Necariin

Chapter Nine Hundred And Sixteen – 916


All around her, godslaves died and the Legion cheered.


Heva stared, astounded, as sleek Manaships dropped from a hole in the afternoon sky that resembled nothing more than a patch of starlit night. She leaned over the gunwale, Skills momentarily forgotten, as a wave of water preceded the ship, dropping from above and washing away the monsters that clogged the heavens.


"Stop gawking and fight!" Merk screeched, her wand carving sigils into the air and dropping two large, fungal monstrosities to their knees. Cade followed behind, her sword cleaving them in twain.


"Right." Heva gathered fire in her palms. “Scorching Hydra!”


A dozen threads of forge-hot flame sprang from her fingertips, lashing into the Sporeflies that crowded the deck.


Harn simply laughed, his axes cutting through a black-armored Paladin. "The long haul from Pax’Vrell!

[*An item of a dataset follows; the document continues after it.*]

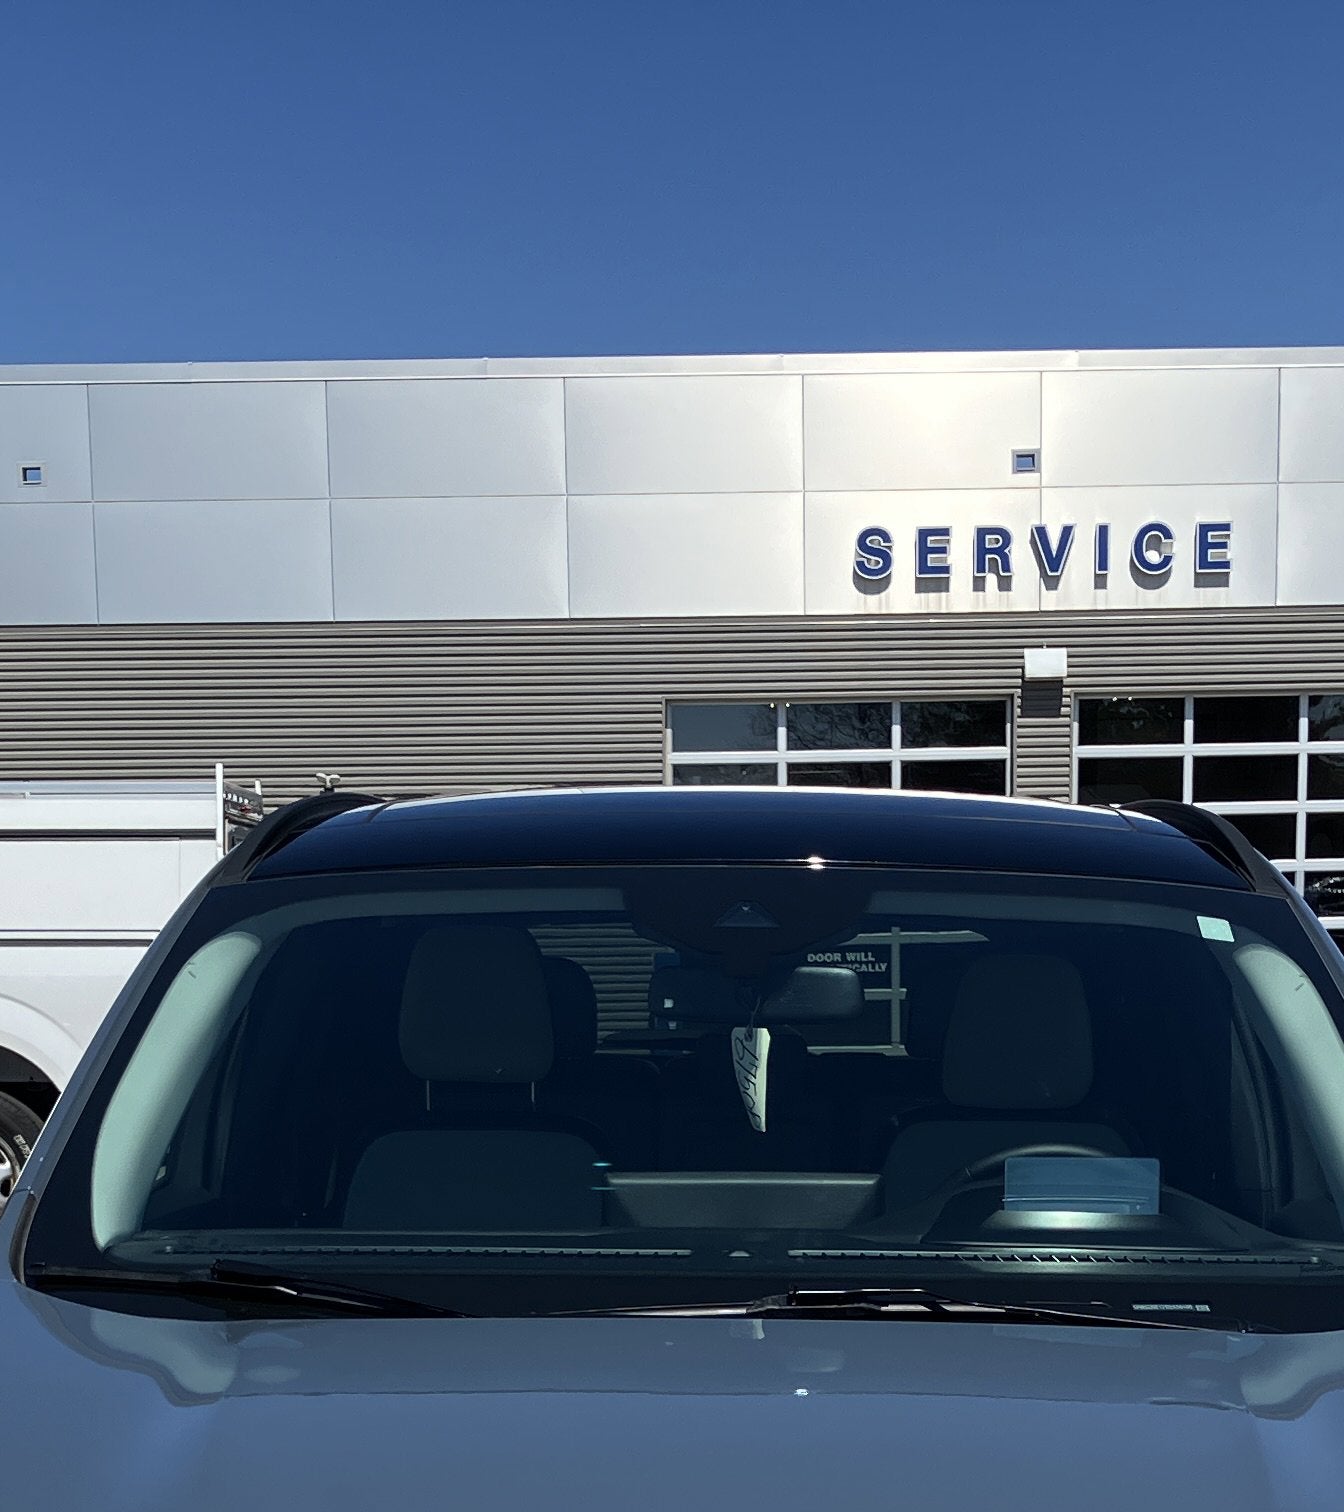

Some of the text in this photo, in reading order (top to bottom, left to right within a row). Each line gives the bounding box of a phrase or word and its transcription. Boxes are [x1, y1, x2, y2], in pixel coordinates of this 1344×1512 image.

[855, 520, 1234, 580] SERVICE
[807, 952, 875, 962] DOOR WILL

Mervin pulled through!” His silver flames spread, sinking into another godslaved warrior that screamed before dropping. “Let's make it worth the effort!”


Mervin! You stole my line!


His grin was wide as the Sunaran fleet tore into the enemy. Just like that, the battle turned in their favor. Just like that, a change overcame Amaranth, as unbridled might was unleashed from above…and a sharp prickle flushed across his senses. The power behind him, the one that had stood resolute against all attacks flickered twice before dissolving entirely.


The barrier fell.


"Pit!”


“I see it!”


“Go, now!" They shot forward, heading towards the Shining Palace.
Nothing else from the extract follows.